Her face betrays everything. The way her eyebrows draw together, the slight downward pull of her mouth, and the rapid pulse visible at her throat. She’s staring into an abyss that stares back. The same abyss I’ve been walking the edge of for years.
“Yes, you do.” I close what’s left of the distance between us, cupping her face in my hands, careful of her bruises.
She’s trembling, but she doesn’t pull away.
Her eyes stay locked on mine. She doesn’t flee from the darkness she sees there or the matching darkness she’s discovering in herself.
“That’s what terrifies you. Not me or what I’ve done, but recognizing pieces of me in yourself. ”
Her lips part as if she wants to deny it, but no sound comes. The truth sits between us like a living thing, breathing and growing and demanding acknowledgment.
“Show me.”
My brow furrows. “Show you what?”
“The rest.” Her chin lifts. A gesture that is so brave it carries more courage than most people possess in their entire bodies. “You said you’re giving me all of you. I want to see it.”
Understanding dawns, and with it, a mixture of terror and anticipation.
“You want to see my trophies?”
She doesn’t flinch. Doesn’t hesitate. Just nods with the certainty of someone who’s already made peace with whatever comes next.
I cross to the far wall, where leather-bound volumes create a perfect facade. My fingers find the hidden panel, the keypad glowing to life under my touch. Eight digits. The date everything changed. The bookshelf whispers open on silent hinges, revealing blackness beyond.
“Are you sure?” My voice catches on the question. What lies beyond this threshold has never been seen by anyone but me. “This room doesn’t just show you who I am, Luna. It shows you who I’ve always been.”

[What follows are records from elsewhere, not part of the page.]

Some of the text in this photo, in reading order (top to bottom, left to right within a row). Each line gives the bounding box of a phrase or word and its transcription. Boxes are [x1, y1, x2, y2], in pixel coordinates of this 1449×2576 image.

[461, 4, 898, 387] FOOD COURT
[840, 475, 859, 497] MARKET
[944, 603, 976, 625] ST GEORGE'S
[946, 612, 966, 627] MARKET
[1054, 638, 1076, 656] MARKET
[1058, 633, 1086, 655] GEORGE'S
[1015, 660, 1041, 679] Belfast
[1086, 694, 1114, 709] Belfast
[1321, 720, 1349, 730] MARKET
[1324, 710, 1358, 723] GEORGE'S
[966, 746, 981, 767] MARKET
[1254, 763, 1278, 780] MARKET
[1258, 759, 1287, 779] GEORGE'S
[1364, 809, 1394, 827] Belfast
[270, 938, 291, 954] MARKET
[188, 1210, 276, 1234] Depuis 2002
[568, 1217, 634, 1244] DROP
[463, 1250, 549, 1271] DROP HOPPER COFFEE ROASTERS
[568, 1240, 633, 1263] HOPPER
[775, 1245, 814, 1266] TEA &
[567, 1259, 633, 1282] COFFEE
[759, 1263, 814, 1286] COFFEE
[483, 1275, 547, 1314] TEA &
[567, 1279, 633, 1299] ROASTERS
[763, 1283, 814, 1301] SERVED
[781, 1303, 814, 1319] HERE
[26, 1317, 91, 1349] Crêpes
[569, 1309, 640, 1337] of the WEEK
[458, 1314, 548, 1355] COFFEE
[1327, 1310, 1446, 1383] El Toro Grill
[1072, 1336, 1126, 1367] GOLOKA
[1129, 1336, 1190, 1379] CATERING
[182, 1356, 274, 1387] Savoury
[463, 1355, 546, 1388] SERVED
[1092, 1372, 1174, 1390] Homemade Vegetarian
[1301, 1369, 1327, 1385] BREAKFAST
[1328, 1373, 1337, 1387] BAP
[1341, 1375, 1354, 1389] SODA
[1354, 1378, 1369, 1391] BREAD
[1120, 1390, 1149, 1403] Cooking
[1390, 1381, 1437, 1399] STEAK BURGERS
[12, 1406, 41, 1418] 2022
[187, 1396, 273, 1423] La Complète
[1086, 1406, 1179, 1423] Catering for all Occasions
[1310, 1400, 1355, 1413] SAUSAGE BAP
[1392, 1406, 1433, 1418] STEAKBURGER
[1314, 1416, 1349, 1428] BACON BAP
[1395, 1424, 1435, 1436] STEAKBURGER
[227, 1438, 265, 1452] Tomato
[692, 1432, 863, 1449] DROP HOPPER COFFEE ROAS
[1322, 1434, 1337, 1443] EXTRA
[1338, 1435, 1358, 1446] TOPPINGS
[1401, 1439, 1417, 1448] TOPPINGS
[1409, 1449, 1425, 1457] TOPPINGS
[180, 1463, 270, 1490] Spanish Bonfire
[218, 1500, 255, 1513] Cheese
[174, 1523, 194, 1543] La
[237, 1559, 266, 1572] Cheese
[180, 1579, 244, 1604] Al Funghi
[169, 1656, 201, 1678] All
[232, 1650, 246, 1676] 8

She closes the distance instead of retreating. Her eyes lock on mine, unflinching and fierce. The same fierceness that allowed a nine-year-old boy to survive his father’s lessons.
“I’m sure.”
My palm finds the curve of her lower back, guiding her into the darkness. Motion sensors detect our presence, and lights come on in sequence, illuminating my private museum of justice, my shrine to all the innocent lives I’ve avenged.
Every muscle in my body goes rigid as I wait for her reaction. This room will either bind us together or tear us apart. Either way, after tonight, there will be no more secrets between us.
She’ll know who she’s fallen for. And maybe, if I’m lucky, she’ll love the monster too.